Las proyecciones de inflación han experimentado un ajuste al alza según el último informe del Banco Central de la República Argentina (BCRA), que compila estimaciones de economistas, consultoras y entidades financieras. De acuerdo con el Relevamiento de Expectativas de Mercado (REM), se espera que la inflación siga desacelerándose; sin embargo, se anticipa que el índice mensual no caiga por debajo del 2% hasta mayo. Este análisis fue realizado con la colaboración de 46 especialistas de diversas áreas.
Para febrero, se estima que la inflación alcanzará un 2,7%, un leve descenso respecto al 2,9% de enero, aunque superior a las previsiones de informes anteriores. Además, los analistas ajustaron al alza la proyección de inflación núcleo, que excluye precios regulados y estacionales para ofrecer una visión más clara de la dinámica inflacionaria.
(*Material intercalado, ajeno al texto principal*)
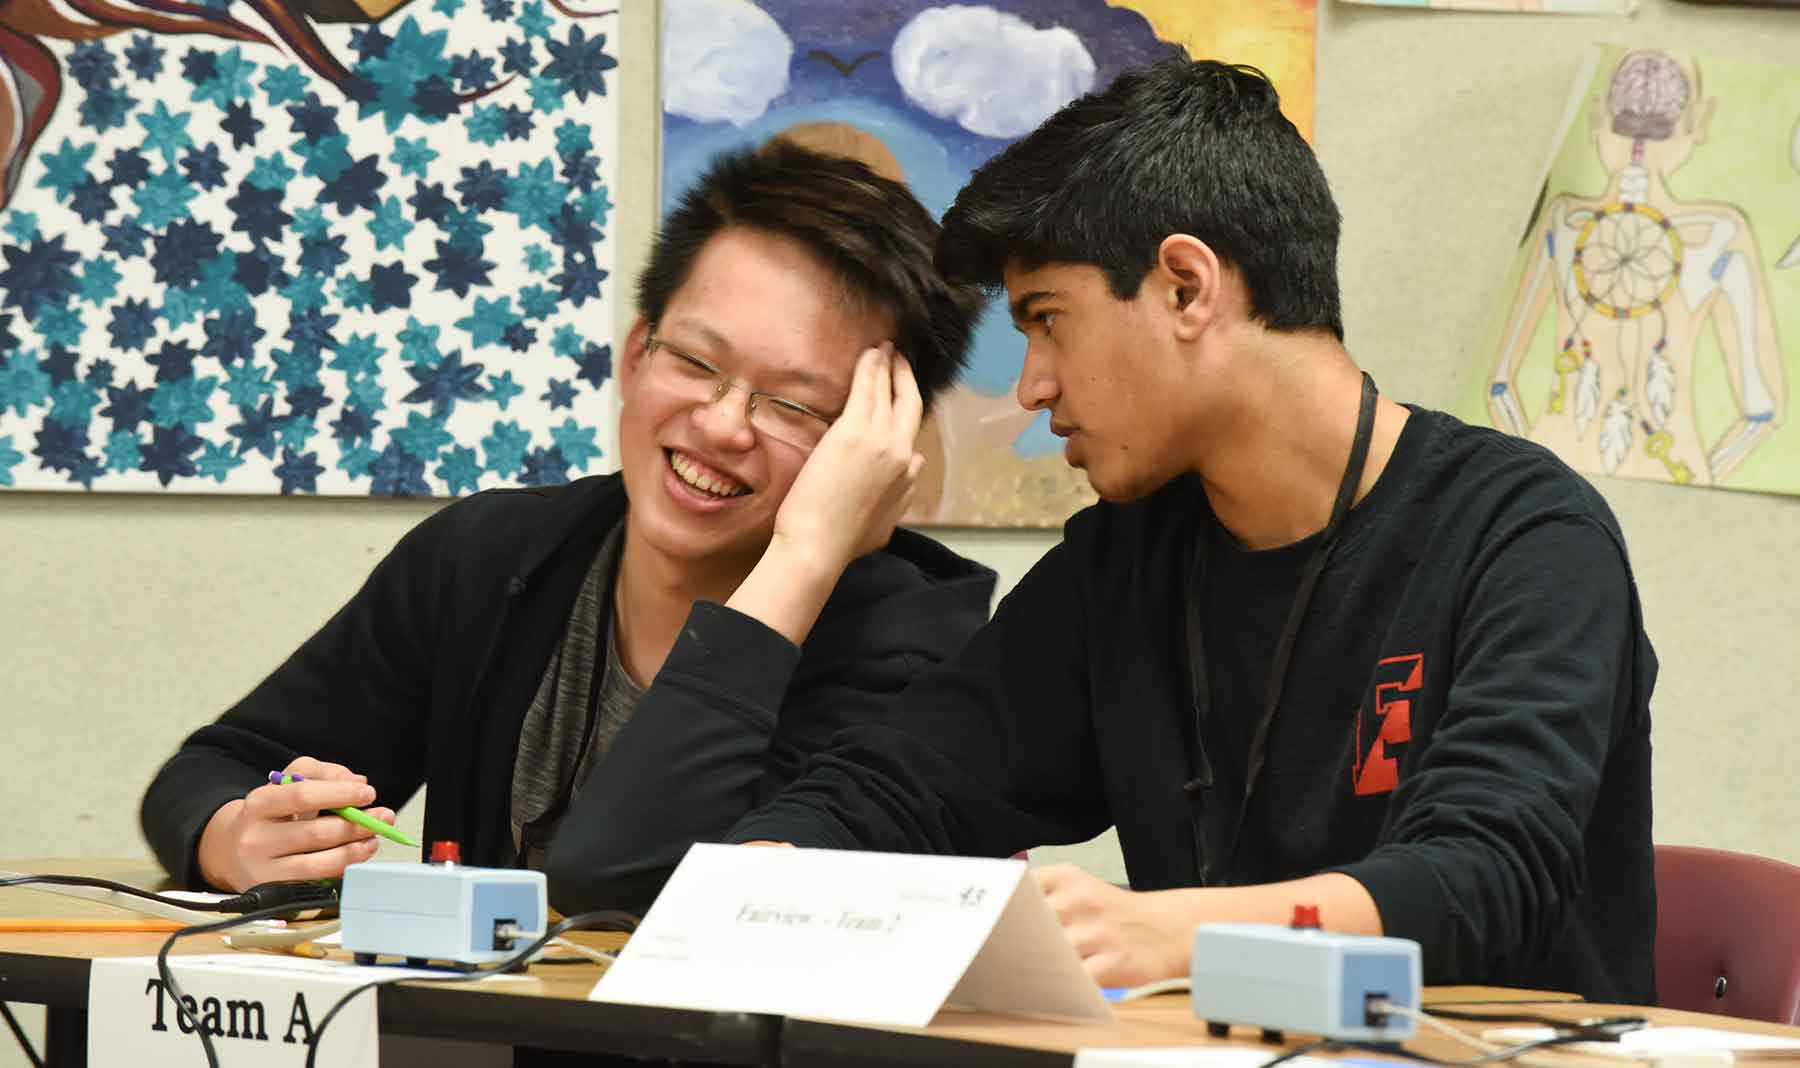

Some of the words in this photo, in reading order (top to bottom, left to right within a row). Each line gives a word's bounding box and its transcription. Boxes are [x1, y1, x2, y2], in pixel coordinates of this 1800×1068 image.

Para febrero, se espera que este indicador se sitúe en 2,5%, lo que implica una corrección de 0,4 puntos porcentuales respecto a la encuesta previa.
A pesar de estas modificaciones en las estimaciones, los economistas concuerdan en que la inflación continuará su proceso de desaceleración durante el año. Si esta tendencia se mantiene, se estima que la inflación acumulada para 2026 podría cerrar en alrededor del 26,1%, cifra considerablemente por debajo de la inflación que ha afectado al país en años recientes.
En cuanto al tipo de cambio mayorista, el informe también reporta proyecciones que indican que alcanzaría los $1.429 en marzo y se anticipa que para finales de 2026, el consenso de las consultoras lo sitúe cerca de los $1.707. Esto representaría un incremento interanual del 17,9%, lo que significaría que el peso se apreciaría en términos reales, dado que el aumento del dólar sería más lento que el de los precios.
Sobre la actividad económica, los analistas prevén un crecimiento del Producto Interno Bruto (PIB) del 0,8% en el cuarto trimestre de 2025, con una expansión esperada del 1% en el primer trimestre de 2026. La tasa de desempleo se proyecta relativamente estable en torno al 6,7% tanto en 2025 como en 2026.
El comercio exterior también muestra indicadores positivos, con exportaciones estimadas en US$92.737 millones y importaciones de US$80.204 millones, resultando en un superávit cercano a los US$12.533 millones. A pesar de la tendencia optimista, los especialistas continúan monitoreando los precios regulados, el tipo de cambio y los salarios, considerando que son variables que impactan directamente en la inflación. En este sentido, el reto para los próximos meses será mantener la desaceleración de la inflación sin que surjan nuevos factores que puedan elevar los precios, mientras la economía muestra indicios de una recuperación gradual.